This episode of Babylon had a different structure to the previous episode, where the sequence of events were taken out of order, while simultaneously playing with different aspect ratios to denote various points in the timeline. The first thing that I thought of when I saw this storytelling method was the framing of the narrative within Persona 5, where the present is comprised of a police interrogation, while the flashbacks are what took place leading up to the interrogation.
This episode starts following the death of one of the two leads from the previous episode, and so true lead Seizaki is on the hunt so that they would be able to bring those that are responsible to justice. As such, using his connections in the police and in the newspapers, he is able to collect clues so that he is able to finally find a witness. It is this witness that he has in the interrogation room, hoping to break her down so that he would be able to obtain a signed confession.

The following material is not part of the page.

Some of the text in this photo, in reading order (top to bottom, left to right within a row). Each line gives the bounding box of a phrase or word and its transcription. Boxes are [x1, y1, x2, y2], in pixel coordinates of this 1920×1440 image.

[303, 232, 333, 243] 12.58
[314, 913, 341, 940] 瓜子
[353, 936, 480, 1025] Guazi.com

What is fascinating in this episode is the way the power dynamic switches between the characters. The start has Seizaki leading things, and by the end of the interrogation, it is Magase that is leading the interrogation. The way she was able to manipulate the situation using only her mind and words was fascinating to see. The way her points and counterpoints led to the continued contradiction of Seizaki’s convictions till he is acting on an emotional level as opposed to a logical level, giving her the upper hand. It is a really well done interrogation scene because of the way the power dynamics are handled.
This episode goes further into developing Seizaki as a character, showing that he has an emotionally vulnerable side that is prone to anger, as opposed to the calm and composed public prosecutor that was presented to us in the first episode. Showing him to be impulsive with his actions now that his close friend and colleague was killed in the previous episode. This hastiness, leads him to rush the investigation, despite the fact that during the episode his friend tried to hold him back. This rushed-ness leads him to be in an even greater predicament than he already found himself in. Which brings with it a fantastic end to the episode that leaves you with the feeling that you have to know what happens next in the story.

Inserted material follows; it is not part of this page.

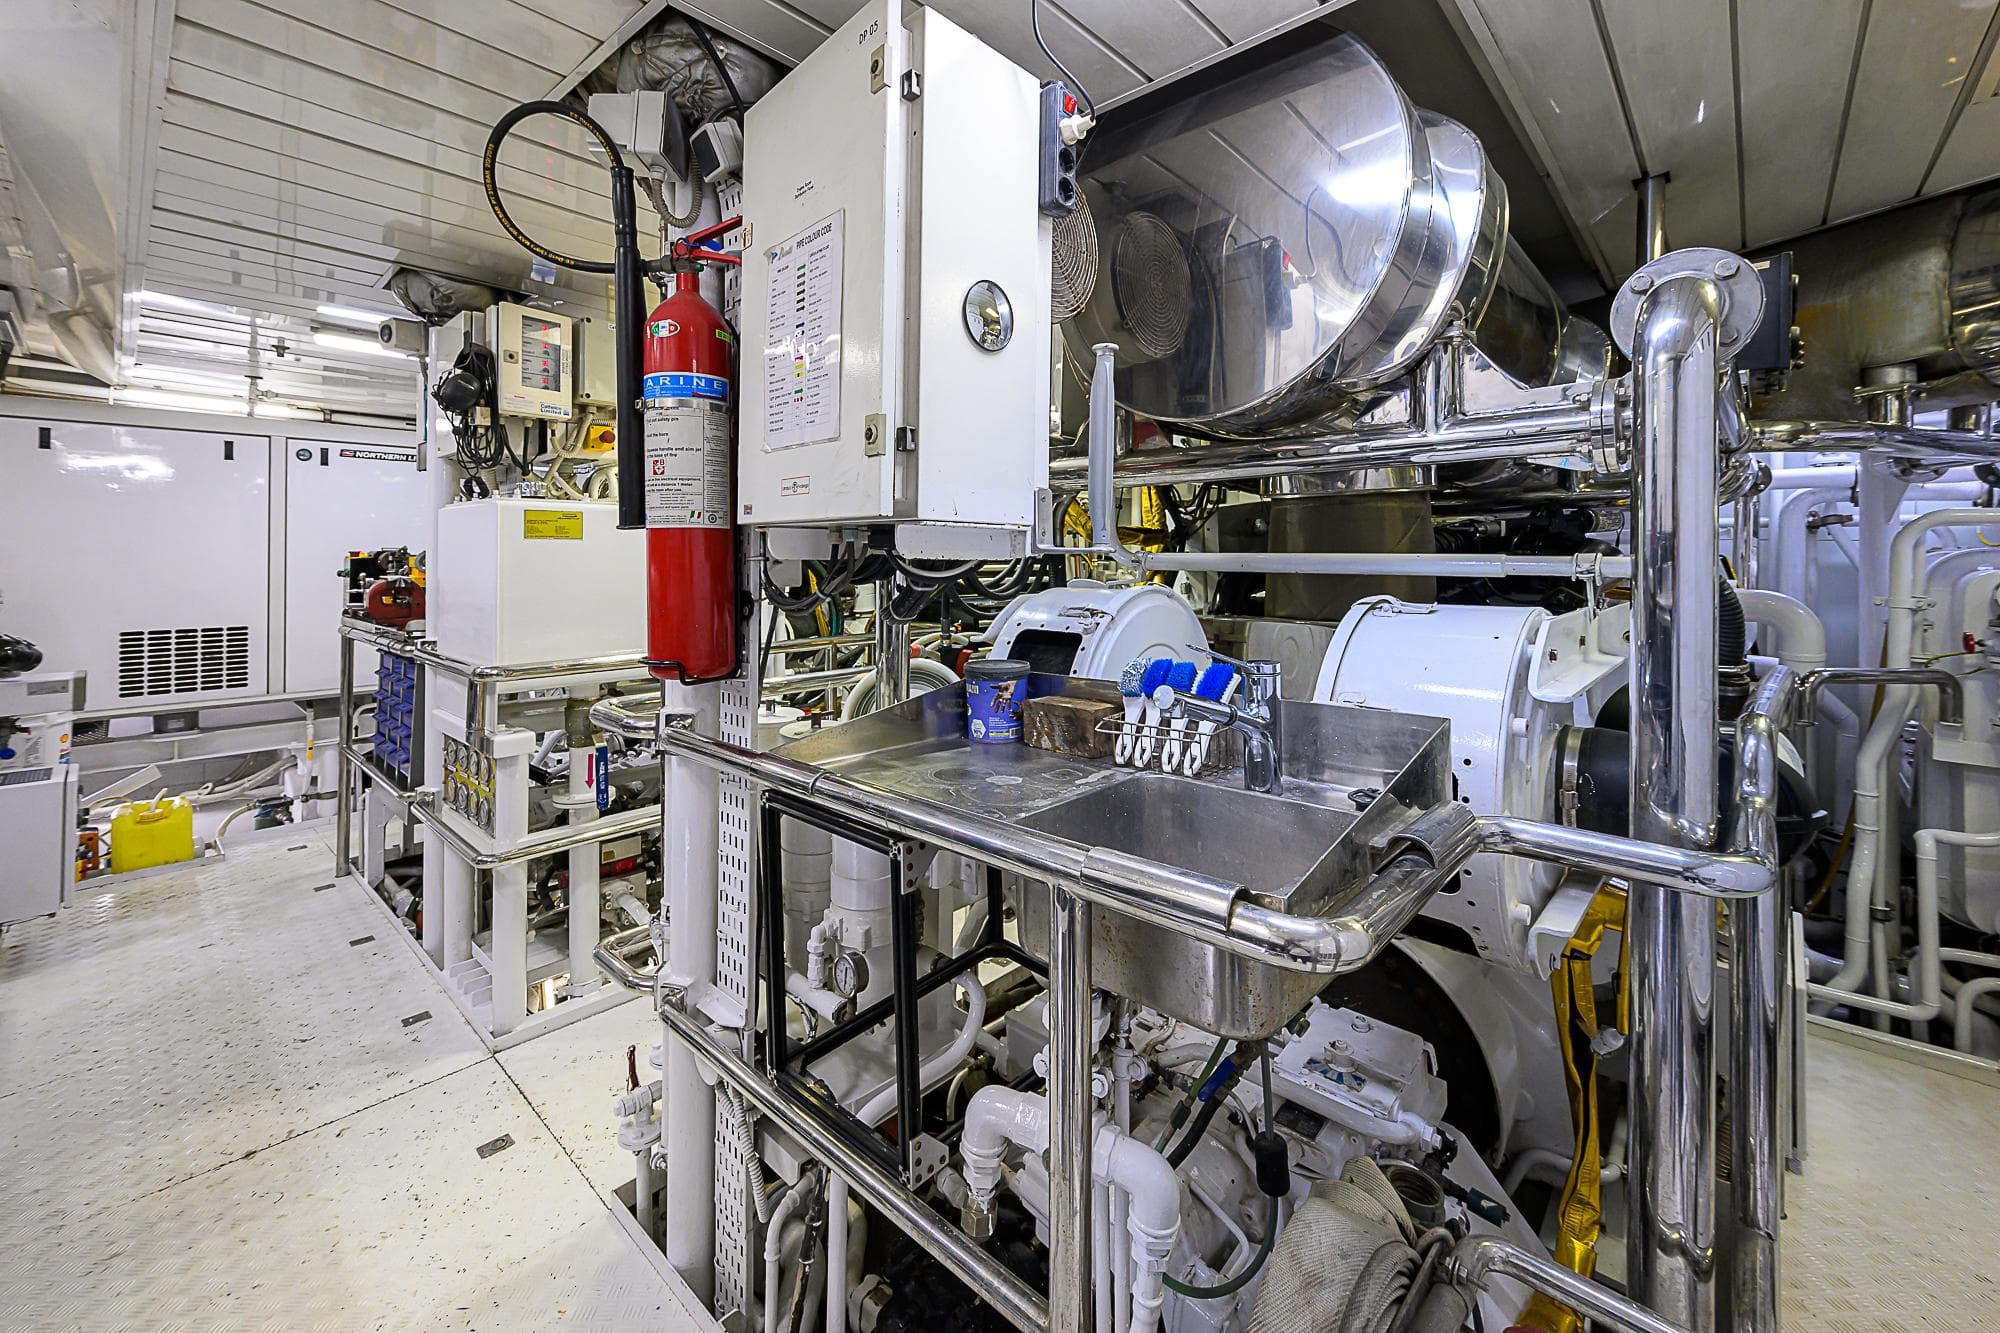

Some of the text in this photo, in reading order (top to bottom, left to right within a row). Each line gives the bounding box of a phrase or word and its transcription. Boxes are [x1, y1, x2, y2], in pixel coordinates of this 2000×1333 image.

[859, 19, 879, 45] DP 05
[796, 222, 832, 249] PIPE COLOUR CODE
[646, 376, 723, 390] ARINE
[355, 451, 407, 461] NORTHERN

The way the aspect ratio of the episode was utilized was fascinating; and in addition, there was some fascinating edits used to transition time through the episode that was incredibly engaging to look at. There was a fluidity to the edits where a combination of graphic cuts are combined with swipes to make each segment in the investigation feel as if it is being told through a montage, without it feeling as if you are watching an actual montage with rapid cuts. This was an incredibly creative way of approaching the montage that made it seem fresh.
Lastly, the aspect ratios. I found these very interesting. The areas of the episode where Seizaki is in control are presented in a cinematic ratio, where it feels as if he is zoning in on the target. The flashback scenes had the full 16:9 ratio when everything is present from Seizaki’s perspective so that it has the feeling that he is on the lookout for all possibilities. This contrasted heavily by the way Magase’s flashbacks are handled. They are comprised of the 4:3 ratio, meaning that the view is incredibly narrow at this point as a result of Seizaki pushing the issue, something that even Magase brings up.

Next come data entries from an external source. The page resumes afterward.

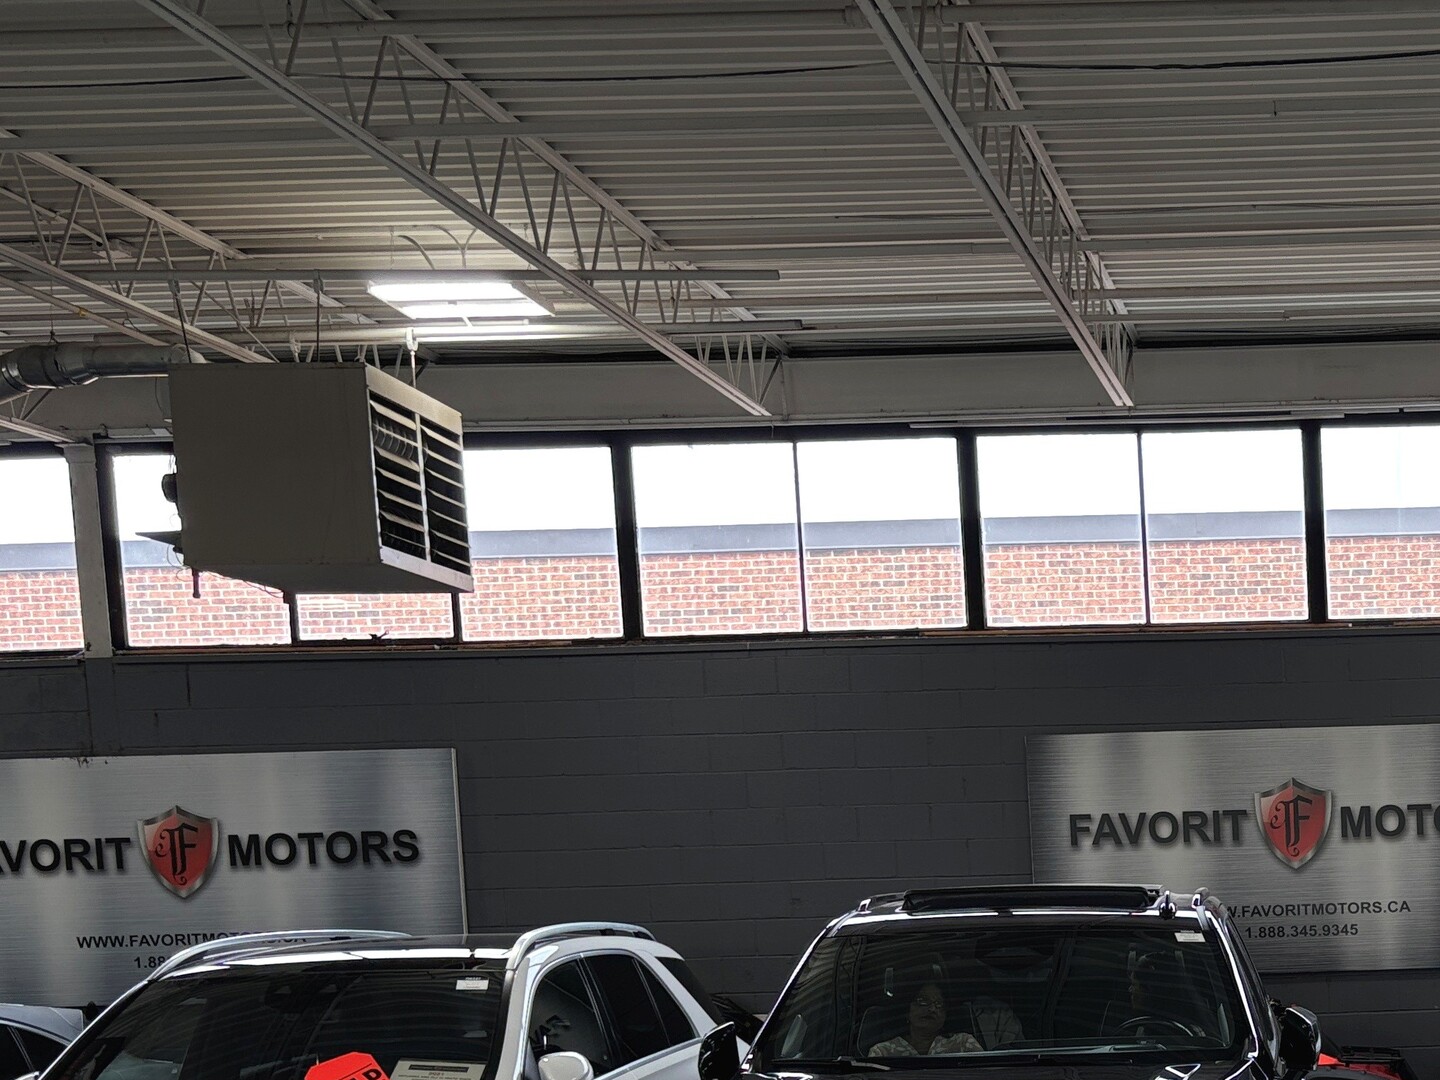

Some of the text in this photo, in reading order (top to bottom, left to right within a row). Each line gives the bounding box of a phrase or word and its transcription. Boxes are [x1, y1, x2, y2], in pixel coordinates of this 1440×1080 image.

[1069, 809, 1247, 846] FAVORIT
[0, 837, 131, 872] VORIT
[228, 829, 420, 868] MOTORS
[1227, 900, 1411, 918] W.FAVORITMOTORS.CA
[1245, 923, 1358, 939] 1.888.345.9345
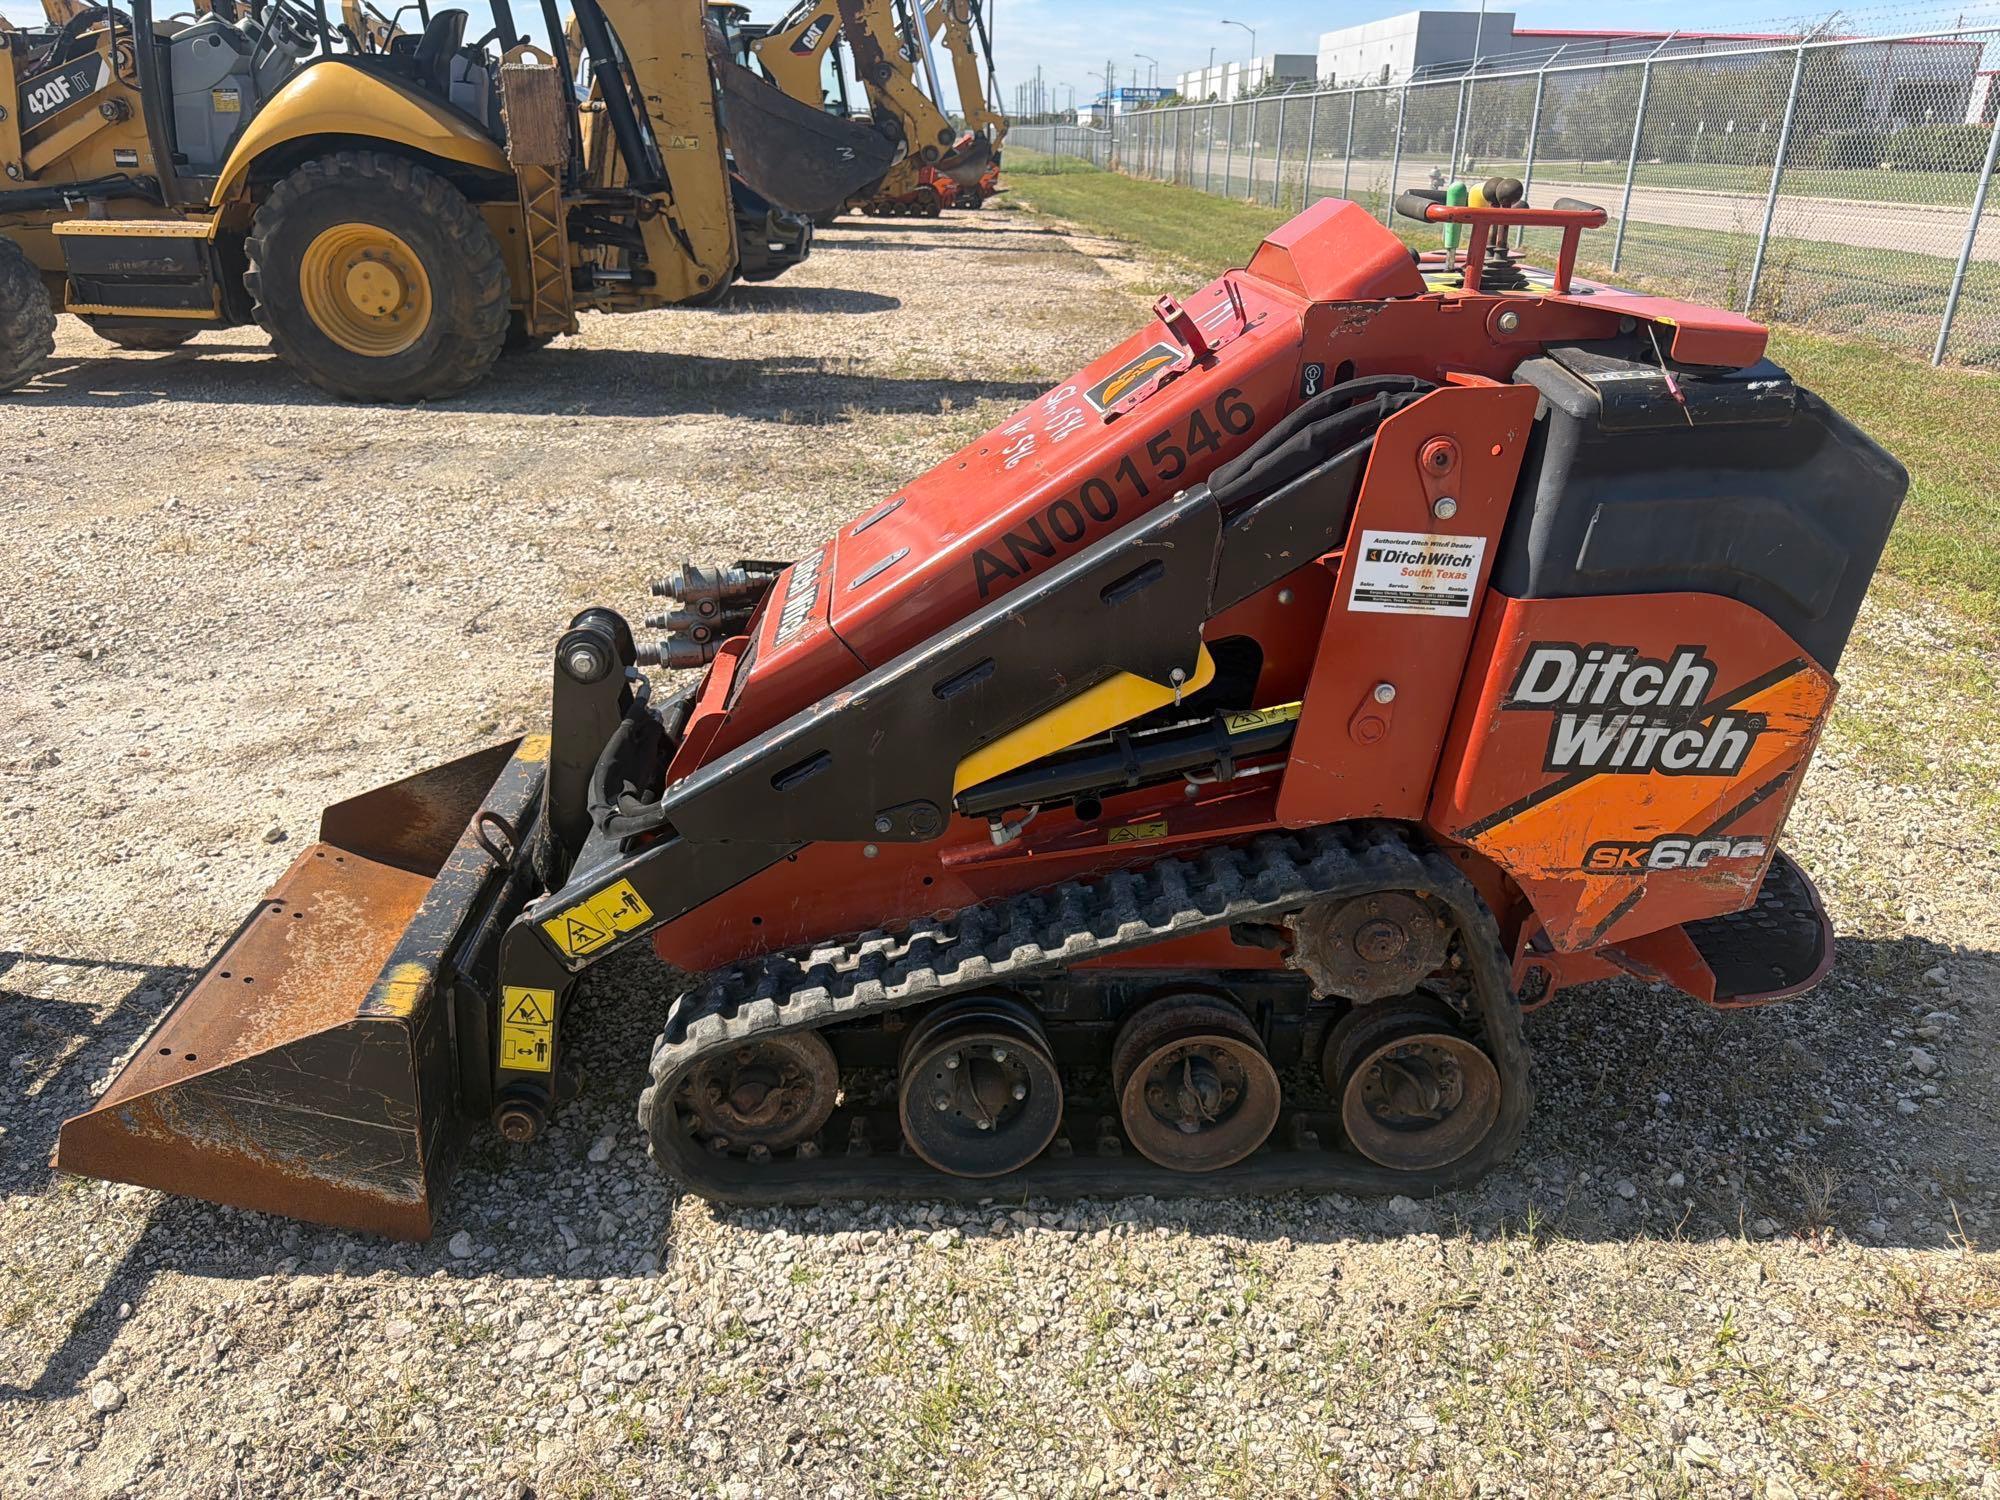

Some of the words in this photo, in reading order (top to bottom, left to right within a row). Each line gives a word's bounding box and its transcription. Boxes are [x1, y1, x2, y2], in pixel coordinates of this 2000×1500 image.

[802, 23, 823, 50] CAT
[27, 75, 71, 114] 420F
[70, 70, 90, 92] IT
[1043, 406, 1087, 444] 1546
[1001, 434, 1037, 471] 546
[971, 387, 1256, 599] AN001546
[1373, 538, 1410, 547] Authorized
[1411, 540, 1429, 548] Ditch
[1450, 542, 1473, 550] Dealer
[1401, 567, 1432, 578] South
[1437, 568, 1468, 580] Texas
[1513, 649, 1710, 707] Ditch
[1551, 713, 1749, 769] Witch

In addition, there is an old VHS and degraded texture to the flashbacks from Magase’s perspective, and this is a contrast to the clear and bright flashbacks from Seizaki, meaning that Magase is clearly hiding something in the past about the events that transpired. In fact, because it is in the quality it is in, it is as if it is the version of things that Seizaki wants to happen, hence the VHS film-like feel. As if it is the sequence of events he wants to happen in his head, projected into Magase’s story so that he can get the narrative he wants to solve the case. Finally, the moment when Magase takes control of the situation, the aspect ratio is at 16:9, which shows that Seizaki has lost all authority in the situation.
This is a show I find myself interested in more and more, and I cannot wait to watch Episode Three.